Les forces de sécurité syriennes quadrillaient mardi Lattaquié et tiraient à la mitrailleuse lourde, selon des militants, au lendemain d'opérations ayant fait 18 morts en Syrie et en dépit des critiques internationales, la dernière étant venue mardi soir de Londres.

Le ministre britannique des Affaires étrangères, William Hague, a estimé que le président Bachar al-Assad était «en train de perdre rapidement les derniers lambeaux de sa légitimité» et devait «mettre un terme immédiatement» à la répression.

Dès l'aube mardi, des tirs ont retenti à Lattaquié, premier port de Syrie et cible depuis dimanche d'une vaste offensive de l'armée et des forces de sécurité.

«Des tirs de mitrailleuses lourdes ont été entendus dans des quartiers de Lattaquié, à al-Raml al-Jounoubi, Masbah al-Chaab et Aïn Tamra pendant plus de trois heures entre 22h00 et 01h30», a précisé l'Observatoire syrien des droits de l'homme (OSDH) dans un communiqué.

Les forces armées et de sécurité ont pris d'assaut les quartiers d'al-Sakentouri et d'al-Raml al-Jounoubi, où au moins 40 personnes ont été interpellées.
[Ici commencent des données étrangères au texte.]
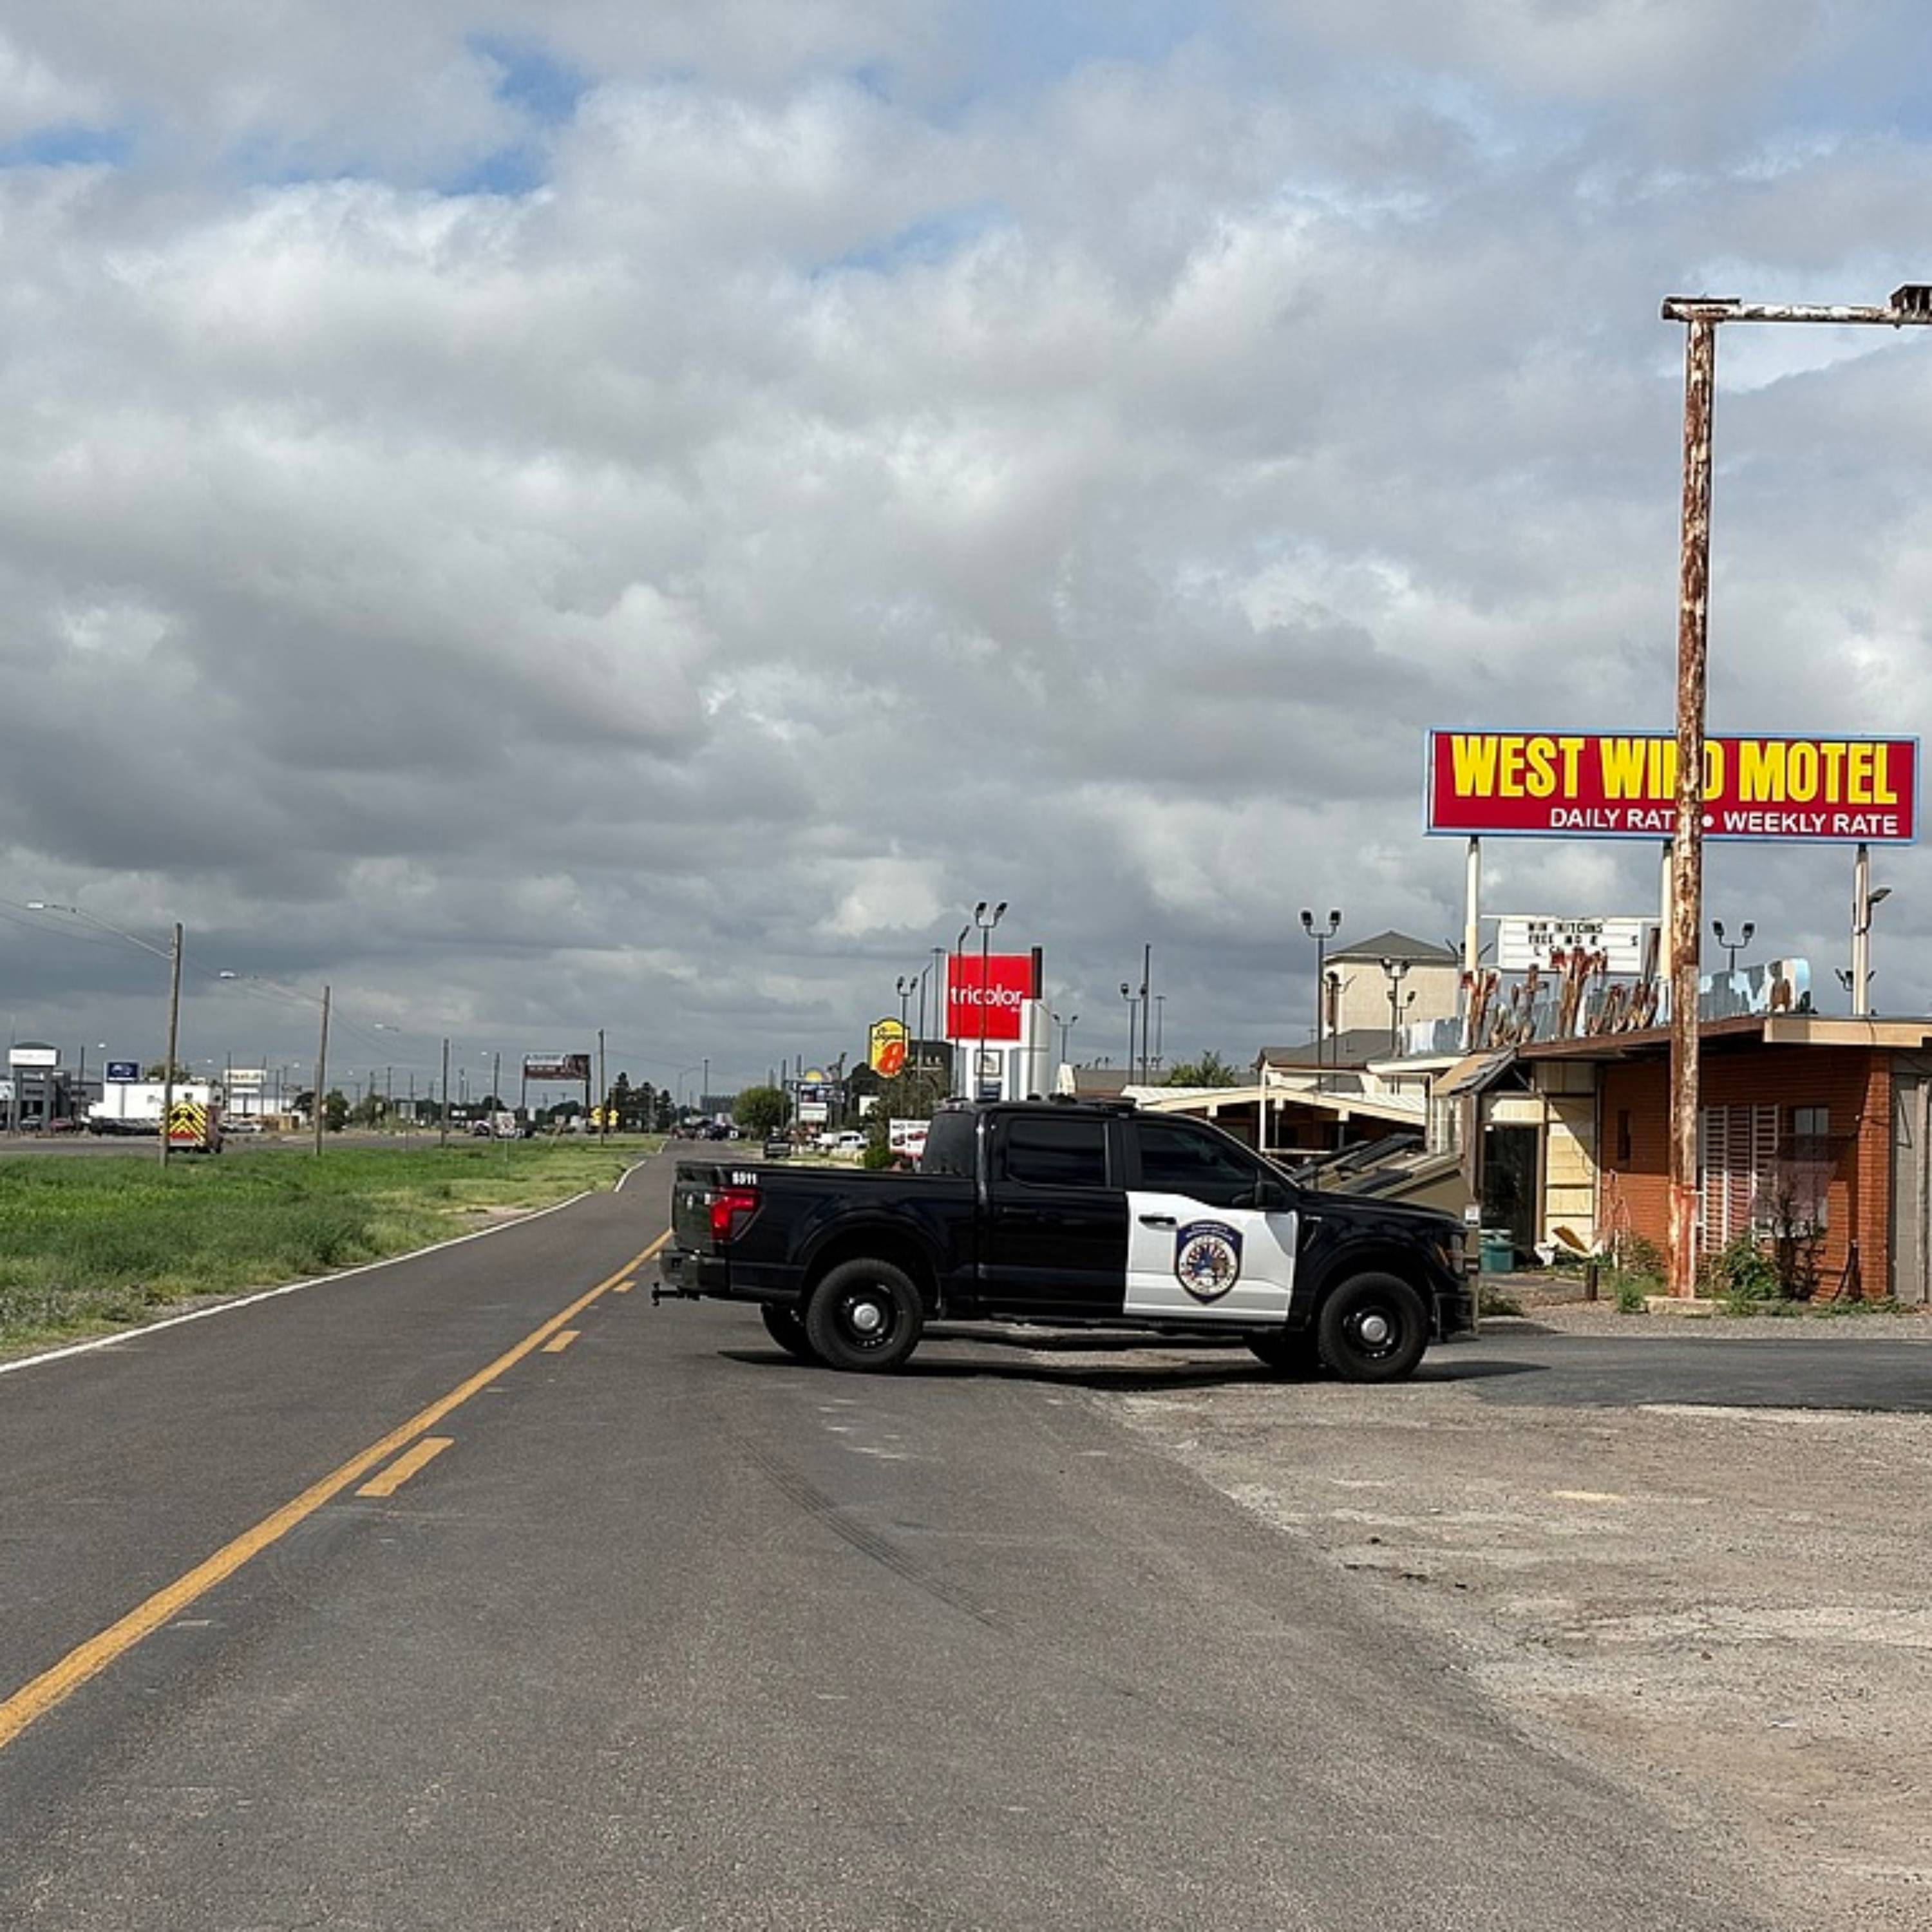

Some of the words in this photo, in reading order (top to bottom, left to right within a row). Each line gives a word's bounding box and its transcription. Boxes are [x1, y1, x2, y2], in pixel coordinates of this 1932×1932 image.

[1450, 734, 1585, 798] WEST
[1739, 741, 1898, 804] MOTEL
[1551, 808, 1620, 828] DAILY
[1627, 810, 1676, 829] RAT
[1723, 811, 1825, 833] WEEKLY
[1833, 814, 1899, 835] RATE
[951, 983, 1023, 1007] tricolor
Dans le quartier d'Al-Chaab, «des maisons vétustes se sont écroulées», selon la même source.

Selon l'agence de presse Sana, relayant la parole officielle, «les forces de l'ordre pourchassent des hommes armés à al-Raml al-Jounoubi et dans les quartiers voisins afin d'y ramener le calme et la sécurité».

Selon Sana, citant un responsable syrien, «les groupes armés ont ouvert le feu sur les habitants et les ont terrifiés».

Mais Tariq, un habitant de Lattaquié a raconté lundi soir à l'AFP que «le régime attaque les quartiers sunnites de la ville. Il a armé les habitants de la banlieue alaouite près de Qanin».

Le régime du président Assad, qui appartient à cette branche de l'islam chiite, s'appuie de longue date sur cette communauté minoritaire en Syrie.

Les forces de sécurité ont ouvert le feu sur une foule participant à des funérailles et «arrêté de nombreuses personnes», a ajouté Tariq.

Sana, citant un officier du ministère de l'Intérieur, a annoncé mardi soir la fin de la mission de l'armée à al-Raml al-Jounoubi et affirmé que «les citoyens ont commencé à reprendre leur vie normale».

Le quotidien syrien al-Watan (proche du pouvoir) affirmait mardi qu'à Lattaquié «la situation était sous contrôle, particulièrement après que l'armée a arrêté des dizaines d'hommes armés lors d'une opération complexe».

Aucune confirmation n'a pu être obtenue de source indépendante car les journalistes étrangers ne sont pas autorisés à se rendre sur place.

Lundi, six civils sont morts à Lattaquié où 26 personnes avaient péri dimanche.

Selon l'Agence des Nations unies pour les réfugiés palestiniens (UNRWA), plus de la moitié des 10 000 réfugiés palestiniens du camp de Raml à Lattaquié ont dû fuir après les tirs. L'UNRWA a réclamé un accès immédiat au camp.

A Homs (centre), les forces de sécurité ont ouvert le feu mardi matin dans les quartiers de Bab al-Sibaa et Bayada, procédant à des perquisitions, selon un militant sur place qui a avancé le chiffre de 12 morts lundi dans la région.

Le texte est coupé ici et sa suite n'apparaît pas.